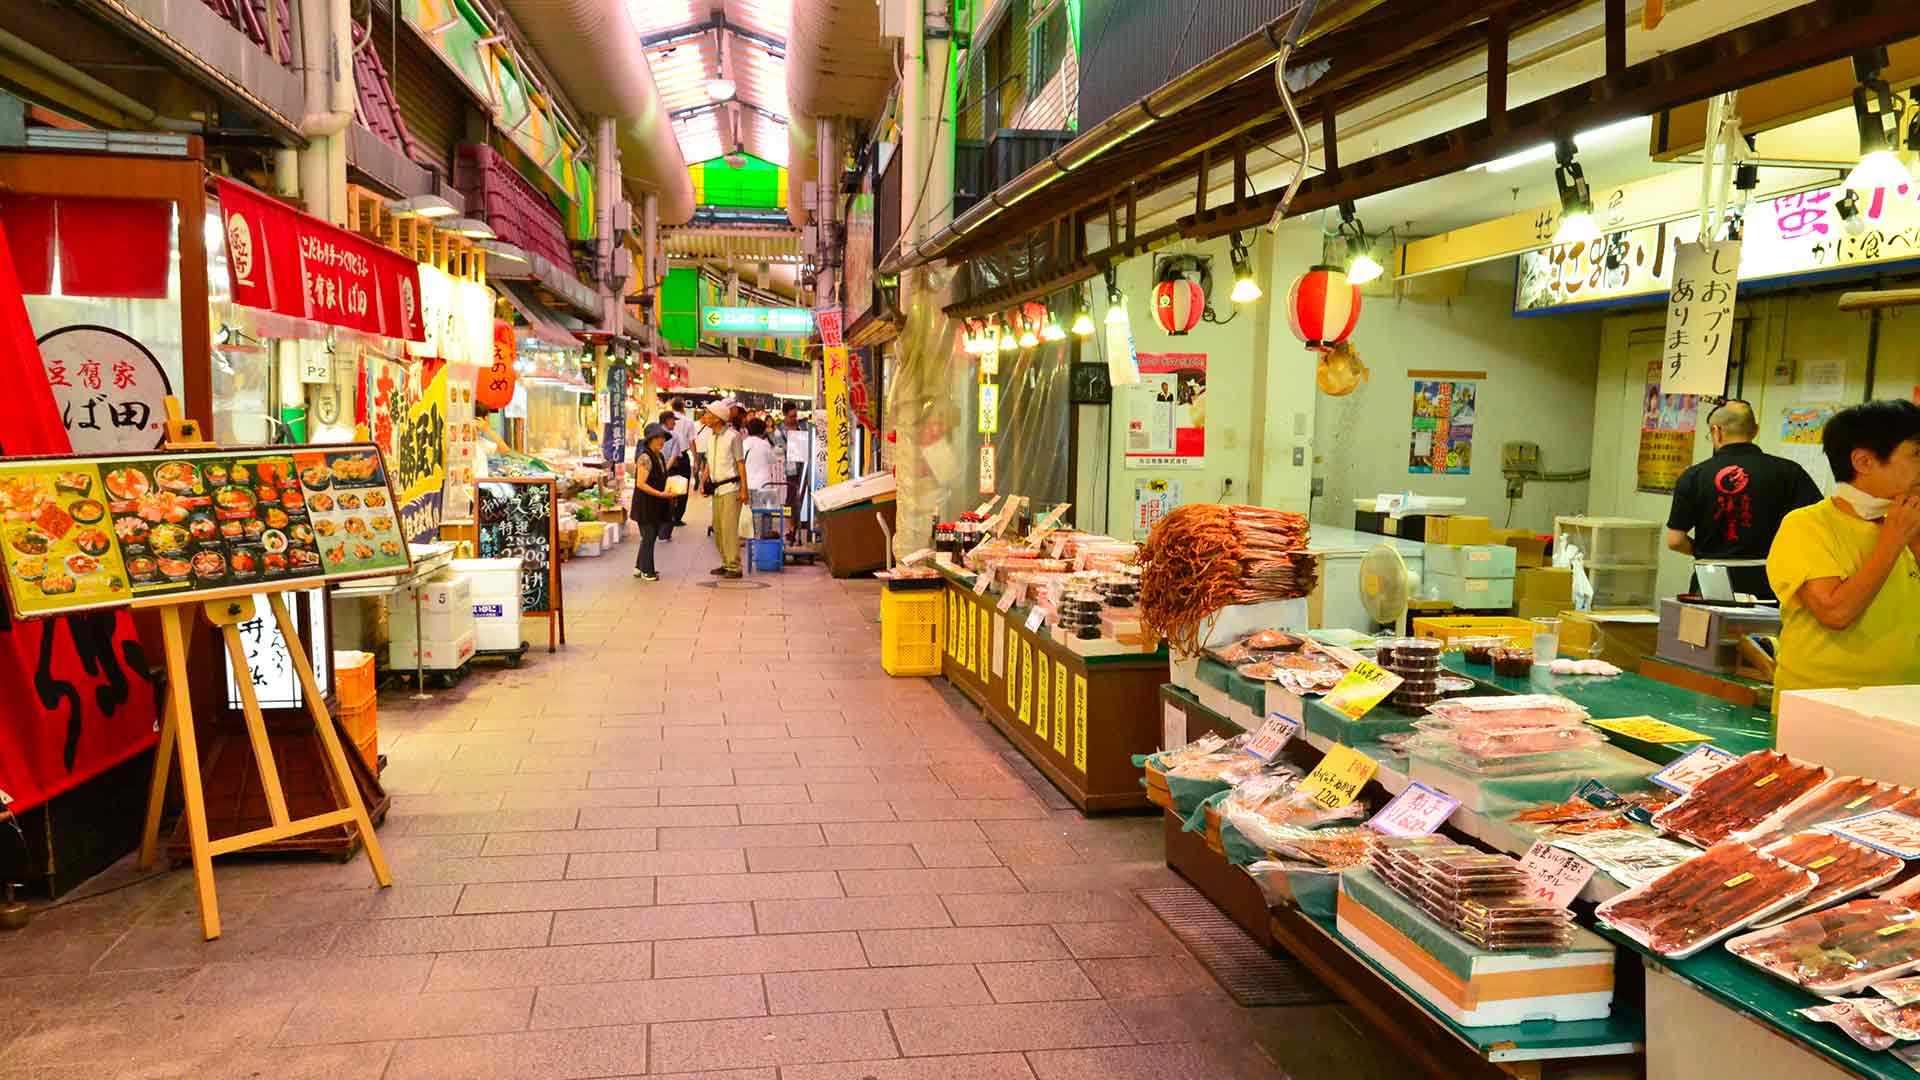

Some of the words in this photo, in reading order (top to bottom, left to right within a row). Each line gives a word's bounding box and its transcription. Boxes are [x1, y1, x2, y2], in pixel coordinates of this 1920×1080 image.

[1774, 184, 1920, 240] 蟹小
[1812, 228, 1920, 265] かに食べ
[1700, 248, 1732, 357] しおブリ
[1668, 278, 1695, 380] あります
[48, 359, 137, 390] 豆腐家
[307, 366, 326, 377] P2
[63, 393, 150, 431] ば田
[438, 593, 447, 605] 5
* * *
§ Problem to solve:
Retype the data above verbatim, minus images.

§ Exercise solution:
Some of the words in this photo, in reading order (top to bottom, left to right within a row). Each line gives a word's bounding box and its transcription. Boxes are [x1, y1, x2, y2], in pixel coordinates of this 1920×1080 image.

[1774, 184, 1920, 240] 蟹小
[1812, 228, 1920, 265] かに食べ
[1700, 248, 1732, 357] しおブリ
[1668, 278, 1695, 380] あります
[48, 359, 137, 390] 豆腐家
[307, 366, 326, 377] P2
[63, 393, 150, 431] ば田
[438, 593, 447, 605] 5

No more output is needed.